Plot: Emilie (Eva Green) and Ines (Alicia Vikander) are sisters who haven’t seen each other in a long time. Emilie has organized a holiday for the both of them, promising that they’ll visit the most beautiful place on earth. Ines is suspicious, but the two start their journey. Slowly both Emilie’s plans and the frail relationship between the two sisters come to light.
Euphoria is a touching film with great actresses that is a success when it comes to portraying the relationship of the two sisters and less successful regarding the big topic it tackles: assisted suicide.
“Plot”: JR is a street artist, specializing in large scale black-and-white prints of photographies that he plasters over any available surfaces. Agnès Varda is a filmmaker, especially known for her New Wave films. The two of them are an unlikely pair, but have decided to go on a road trip through rural France together, meeting people, taking their photos and installing the photos on walls and more. And, of course, they are filming the entire journey of discovery.
Visages villages as a beautiful, simple concept that allows us to discover not only JR and Varda and the places and people they travel to, but gives us insight in much grander themes, despite (or maybe because) not limiting itself to one in particular.
Plot: Oleg (Aleksandr Yatsenko) and Katya (Irina Gorbachova) have been married for a while, but by now their marriage is in danger. Oleg is a paramedic and Katya a doctor, they both work a lot and are accustomed to party hard, too. But when Oleg, once again, gets drunk and embarrasses Katya at a family party, she has had it: she texts Oleg that she wants a divorce. But Oleg has a hard time accepting that, their break-up quickly turning messy.
Aritmiya feels like a very Russian film, and not only because of the copious amounts of alcohol consumed in it. There’s a grim outlook with a touch of warmth to it that reminded me of other Russian films and novels. In any case, it’s a strong film, but also frustrating at times.
Plot: Florence Green (Emily Mortimer) needs a fresh start after her husband’s death. She moves to a small town on the coast and opens a bookshop there. Unwittinlgy she disrupts the local politics with her opening – the powerful Violet Gamart (Patricia Clarkson) had set the sights on her shop. Florence manages to gain the trust and appreciation of a local few – like Edmund Brundish (Bill Nighy) regardless. But her bold choice to promote Nabokov’s Lolita at her store, causes quite an upheaval in town.
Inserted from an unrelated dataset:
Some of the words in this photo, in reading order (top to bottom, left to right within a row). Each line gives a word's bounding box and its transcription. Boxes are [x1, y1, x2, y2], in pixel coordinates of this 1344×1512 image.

I expected The Bookshop to be this romantic, cute film and it does start that way. But then it suddenly throws so much sadness in your face that I could barely handle it. You should definitely be prepared for that.
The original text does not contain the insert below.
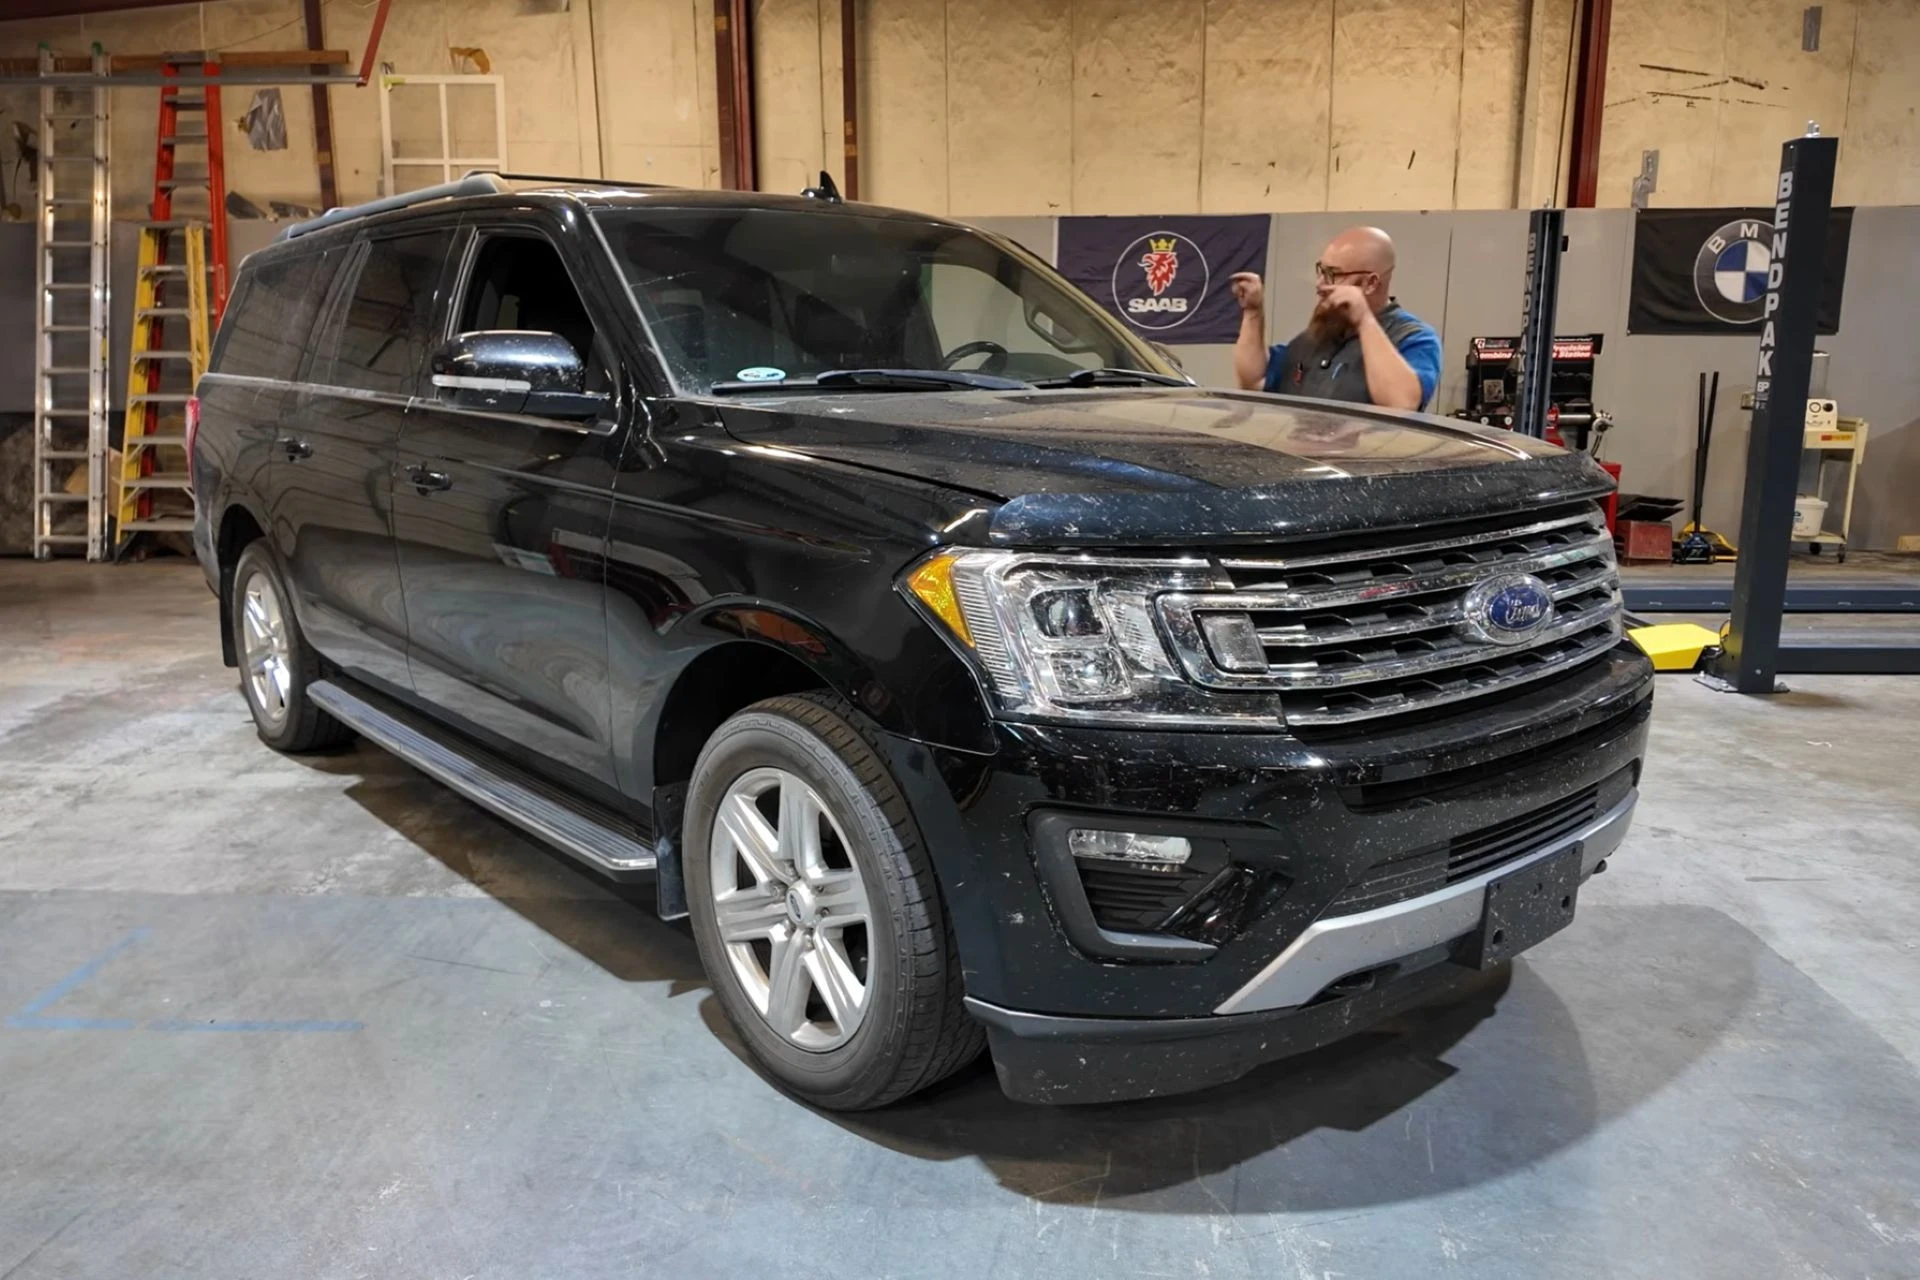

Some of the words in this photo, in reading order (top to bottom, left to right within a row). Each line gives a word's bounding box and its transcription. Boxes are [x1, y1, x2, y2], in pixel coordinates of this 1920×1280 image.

[1707, 223, 1759, 254] BM
[1758, 171, 1793, 377] BENDPAK
[1128, 298, 1187, 312] SAAB
Plot: Joe (Joaquin Phoenix) is a veteran with PTSD whose job it is to retrieve trafficked girls as a freelancer. His newest task is to find Nina (Ekaterina Samsonov) who ran away from home. Her father (Alex Manette) is a state senator and he’s pretty sure she’s held against her will at a house he knows of. He wants as little fuss as possible, not only for his own position, but also because he works for the Governor (Alessandro Nivola). Joe takes the job but soon finds that things may be more complicated than anticipated.
You Were Never Really Here is a fantastic film that really carries a punch. There’s a lot to dissect and reflect here – and since it is such a good film, you’ll be happy to engage with it after having seen it to do just that.
Plot: Eleanor Riese (Helena Bonham Carter) has been in and out of psychiatric facilities for most of her life, so she is intimately aware of what is going wrong there. And what it boils down to that people believe that being in need of psychiatric help means that one can no longer be trusted to make decisions about one’s own treatment. Eleanor really doesn’t think so – and she’s willing to sue the hospital for it. With the help of her new lawyer Colette Hughes (Hilary Swank), she takes up the fight for psychiatric patients everywhere.
55 Steps is probably a nice crash course for the patients’ rights movement. It is an enjoyable film – apart from the catastrophic casting decisions made.